About the Photographer

Brown, Lynne

American, b. 1951

In 1984 the Museum of Contemporary Photography invited a variety of artists to interpret Chicago’s Grant Park. The exhibition produced a year later included the work of more than 35 photographers, among them Lynne Brown, Jed Fielding, Tom Harney, and Bob Thall. At the time, Lynne Brown was working with images within images. The double exposure in Grant Park, from A Year in Chicago’s Grant Park took root in that interest while also exploring photography's relationship to memory. Brown’s interest in the photograph as personal and cultural artifact also informs her later series Mapping, one image of which was included in the 1995 portfolio of graduate student and faculty work from School of the Art Institute of Chicago. The series is comprised of images that evoke a sense of damage or trauma to the body.
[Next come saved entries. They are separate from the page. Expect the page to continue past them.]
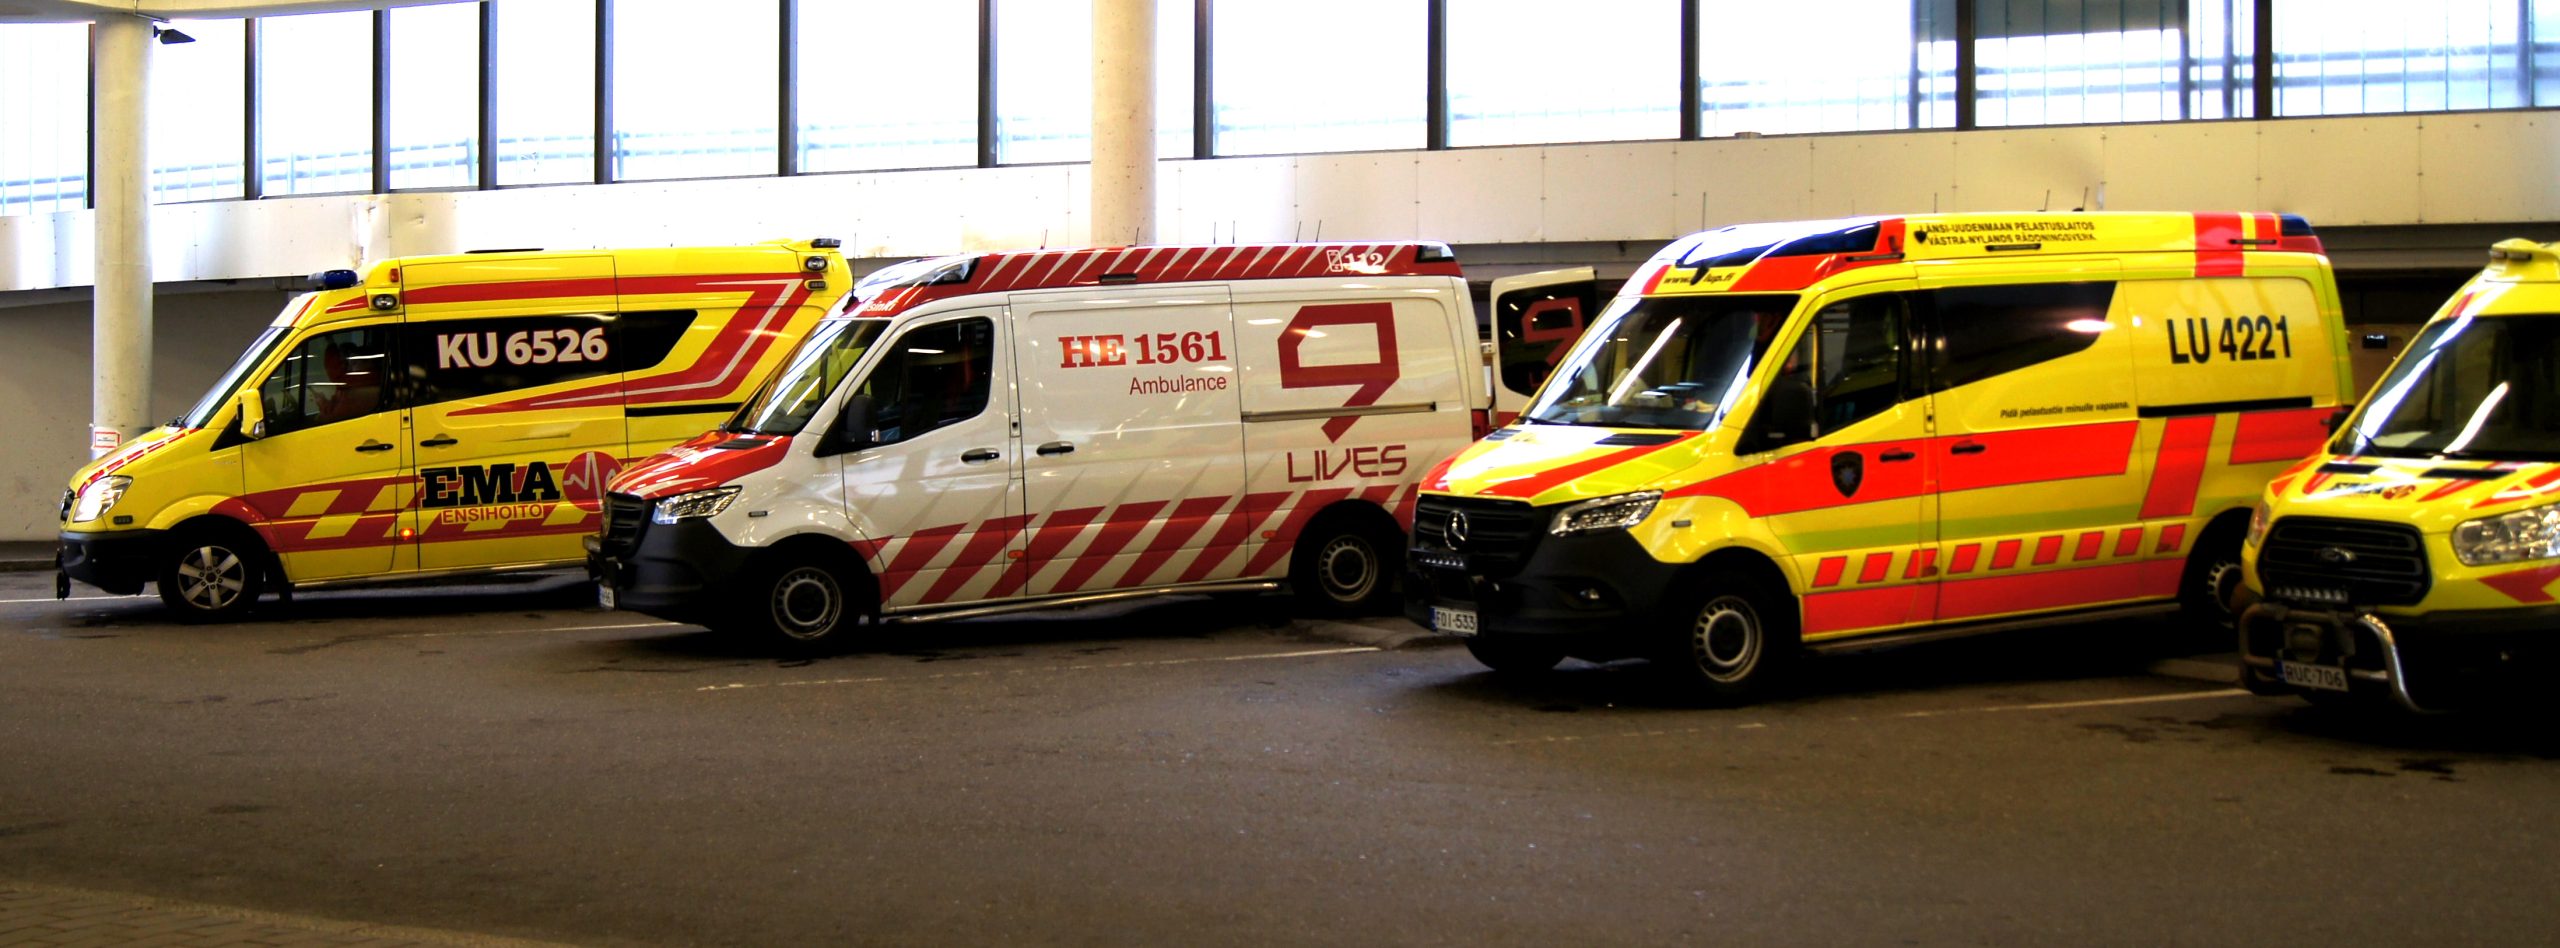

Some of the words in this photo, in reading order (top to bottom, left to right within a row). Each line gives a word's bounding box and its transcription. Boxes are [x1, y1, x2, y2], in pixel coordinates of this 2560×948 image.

[2014, 221, 2095, 231] PELASTUSLAITOS
[1344, 253, 1385, 272] 112
[437, 332, 498, 369] KU
[505, 327, 608, 366] 6526
[1058, 334, 1127, 369] HE
[1134, 331, 1227, 365] 1561
[2166, 317, 2211, 364] LU
[2218, 315, 2291, 361] 4221
[1130, 374, 1227, 395] Ambulance
[1277, 302, 1400, 444] 9
[1287, 444, 1407, 484] LIVES
[420, 461, 560, 508] EMA
[443, 504, 543, 524] ENSIHOITO
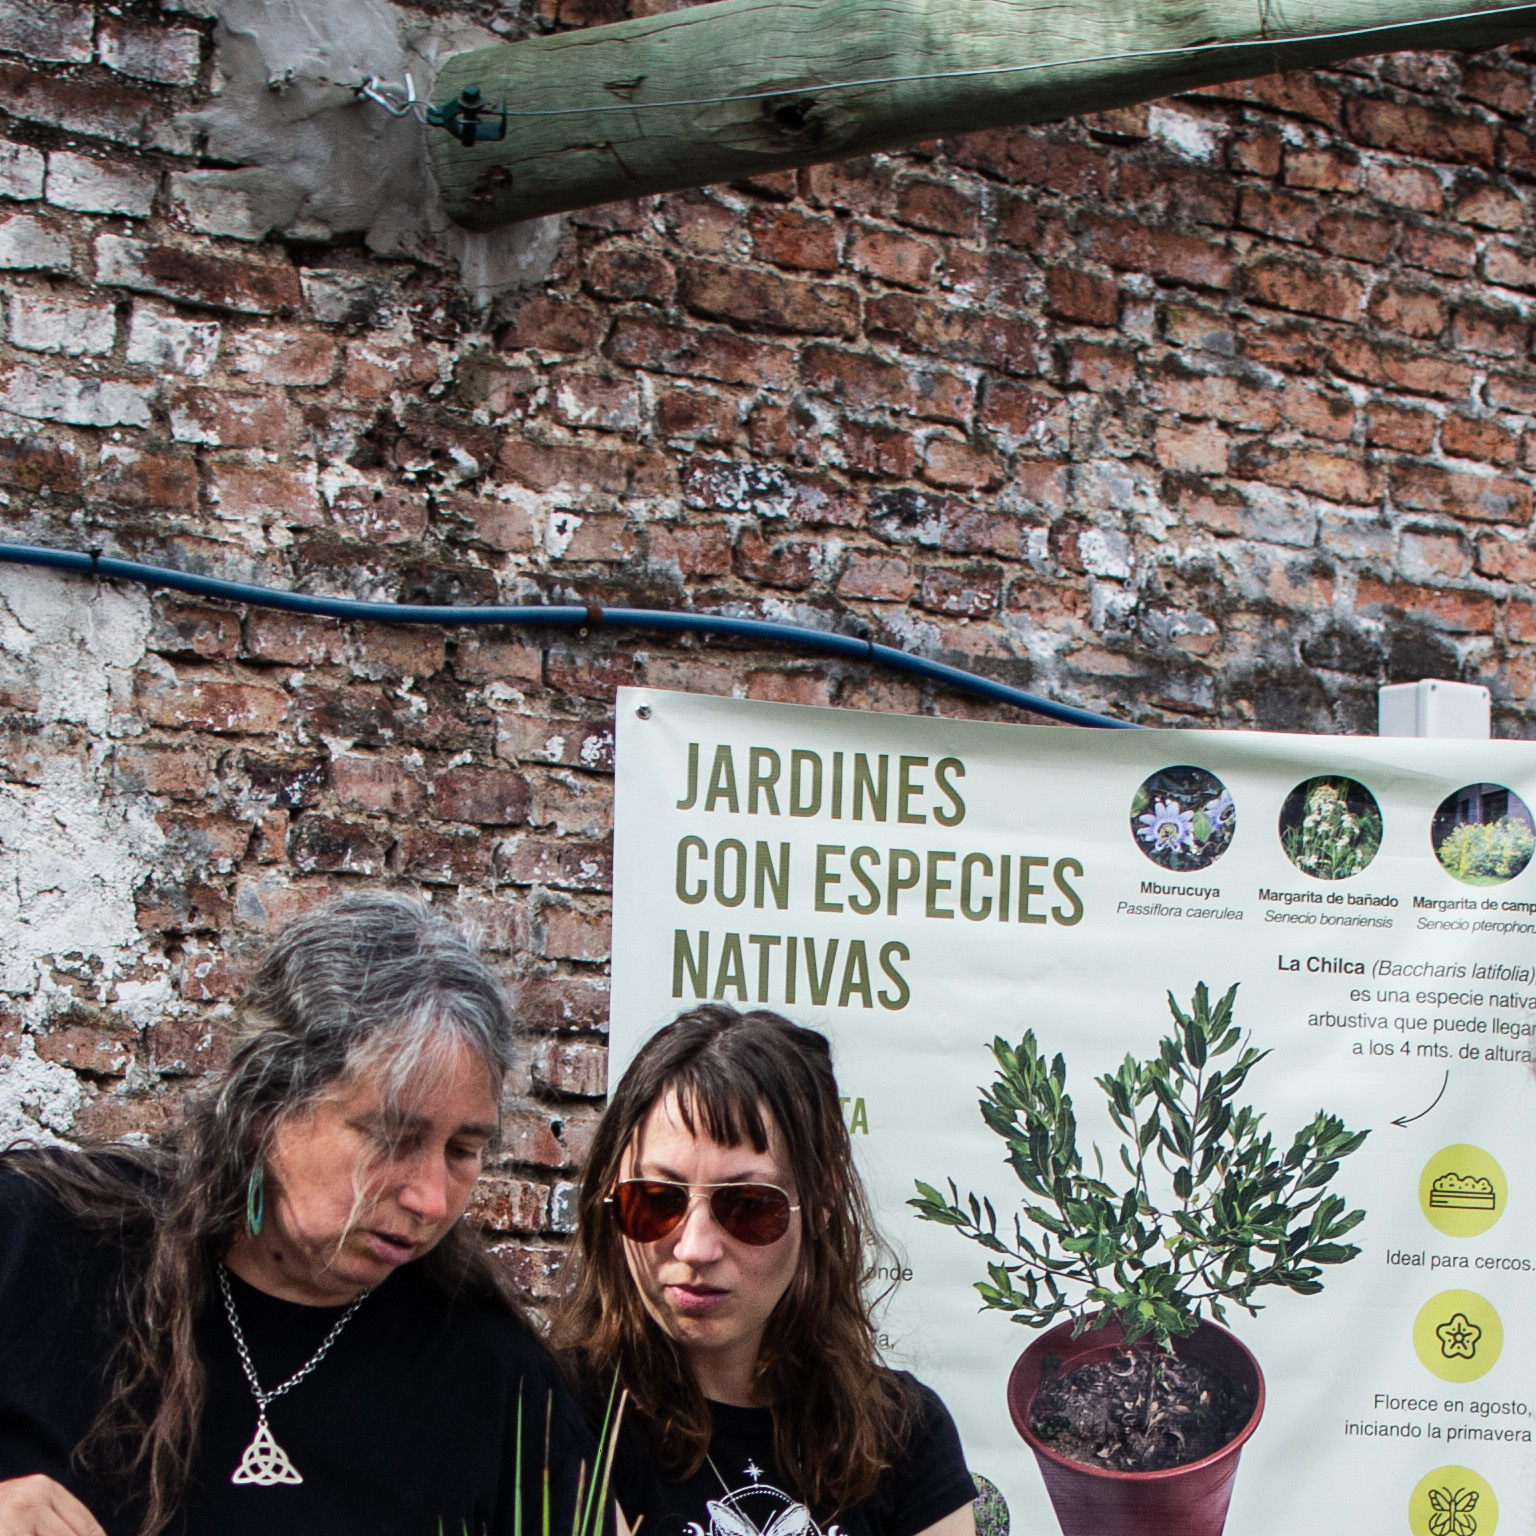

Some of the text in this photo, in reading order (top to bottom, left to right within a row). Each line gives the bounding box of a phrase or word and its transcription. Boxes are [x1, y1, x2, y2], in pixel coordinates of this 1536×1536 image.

[676, 743, 966, 827] JARDINES
[675, 835, 1084, 926] CON ESPECIES
[1140, 881, 1220, 900] Mburucuya
[1258, 888, 1399, 908] Margarita de bañado
[1413, 896, 1477, 913] Margarita
[1481, 898, 1498, 910] de
[1116, 901, 1244, 921] Passiflora caerulea
[1264, 910, 1393, 929] Senecio bonariensis
[1416, 917, 1469, 931] Senecio
[671, 929, 911, 1011] NATIVAS
[1278, 955, 1300, 972] La
[1306, 956, 1365, 975] Chilca
[1371, 959, 1466, 980] (Baccharis
[1350, 988, 1371, 1002] es
[1377, 989, 1410, 1003] una
[1416, 989, 1484, 1007] especie
[1308, 1011, 1388, 1029] arbustiva
[1394, 1016, 1427, 1033] que
[1433, 1015, 1487, 1034] puede
[1352, 1043, 1363, 1055] a
[1369, 1040, 1394, 1056] los
[1400, 1041, 1411, 1055] 4
[1417, 1043, 1453, 1058] mts.
[1459, 1043, 1479, 1059] de
[1386, 1249, 1536, 1271] Ideal para cercos.
[1374, 1394, 1532, 1418] Florece en agosto,
[1344, 1420, 1532, 1443] iniciando la primavera
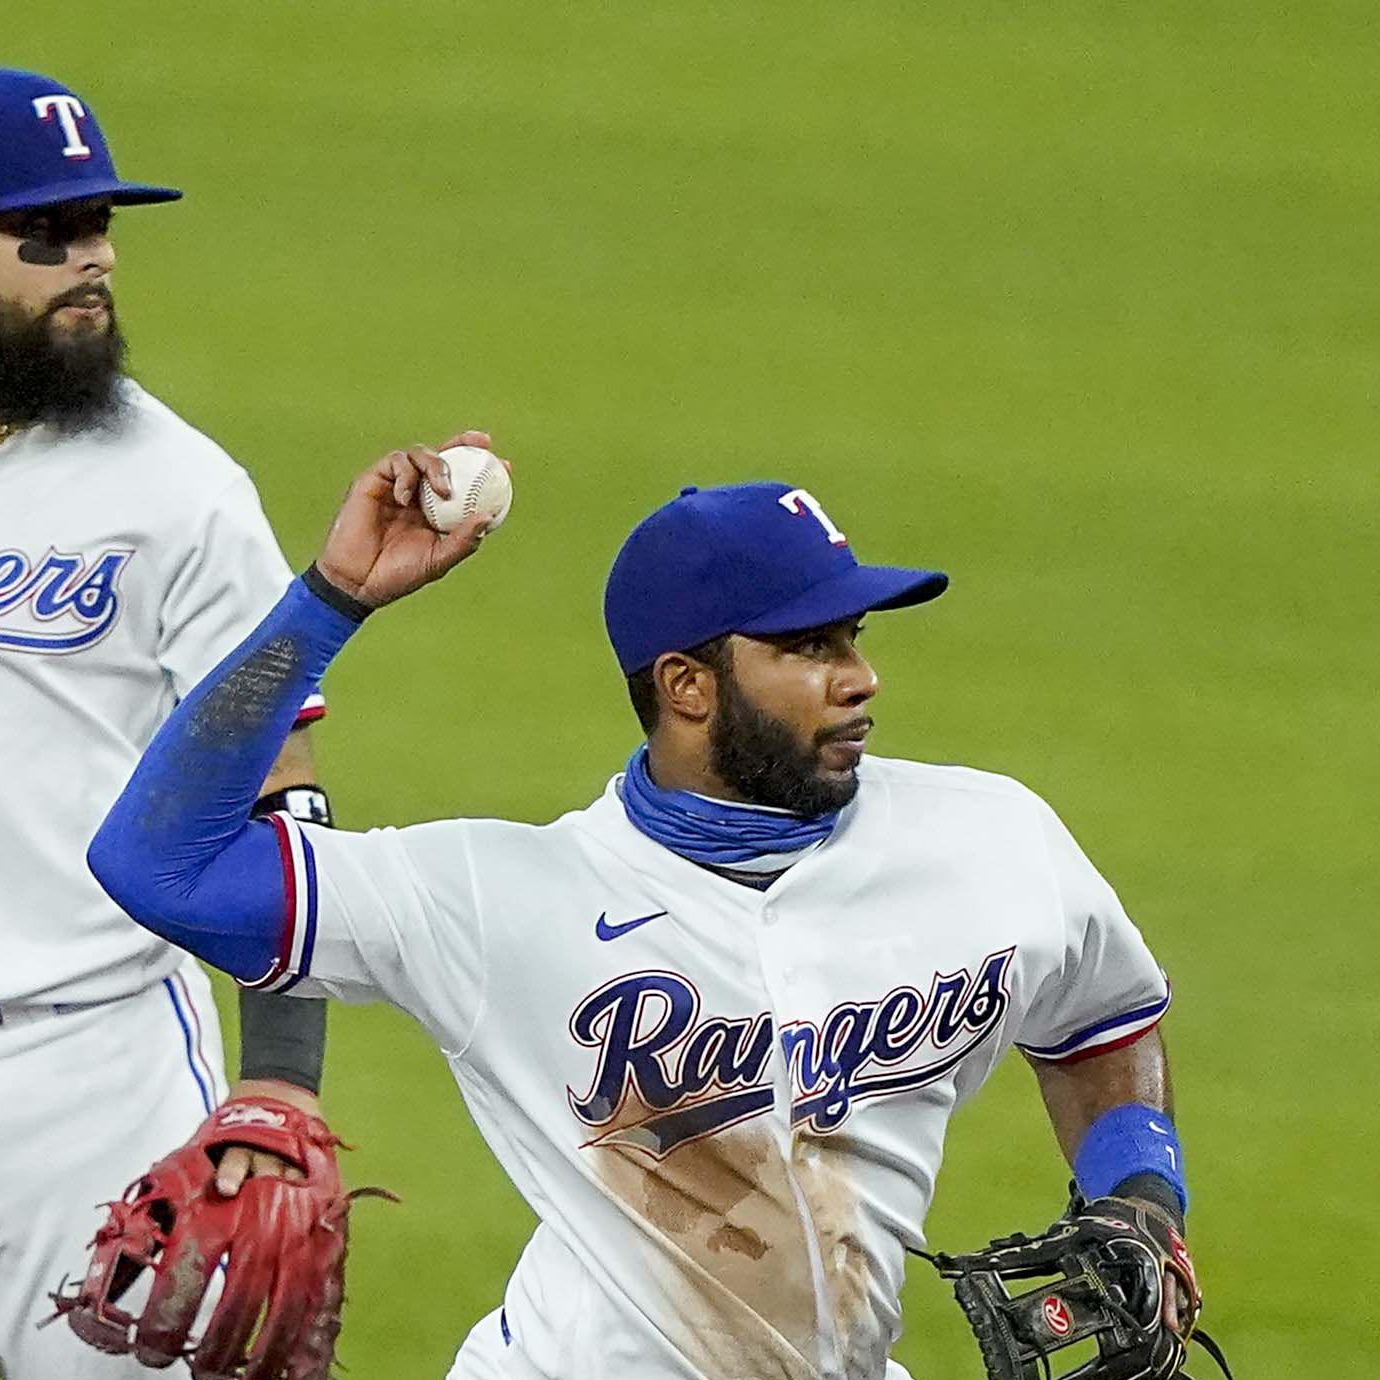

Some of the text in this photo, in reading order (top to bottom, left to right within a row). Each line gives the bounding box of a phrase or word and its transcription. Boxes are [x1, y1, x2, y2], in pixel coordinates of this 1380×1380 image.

[31, 94, 92, 160] T
[778, 489, 848, 547] T
[566, 944, 1017, 1160] Rangers
Brown was intrigued that dermatologists actually create mole maps to keep track of changes in the skin, and in her photograpsh she set out to emphasize the topographic qualities of the back through careful lighting and a close-up viewpoint. The result is a visually ambiguous region, that is verges on abstraction while remaining recognizable as the human body. Brown was born in Dallas, Texas in 1951. She completed a BFA at the University of Denver (1972) and went on to earn an MFA (1981) and an Art History/Criticism Certificate (1982) at the School of the Art Institute of Chicago. Brown has worked as artist, educator, and curator during her career.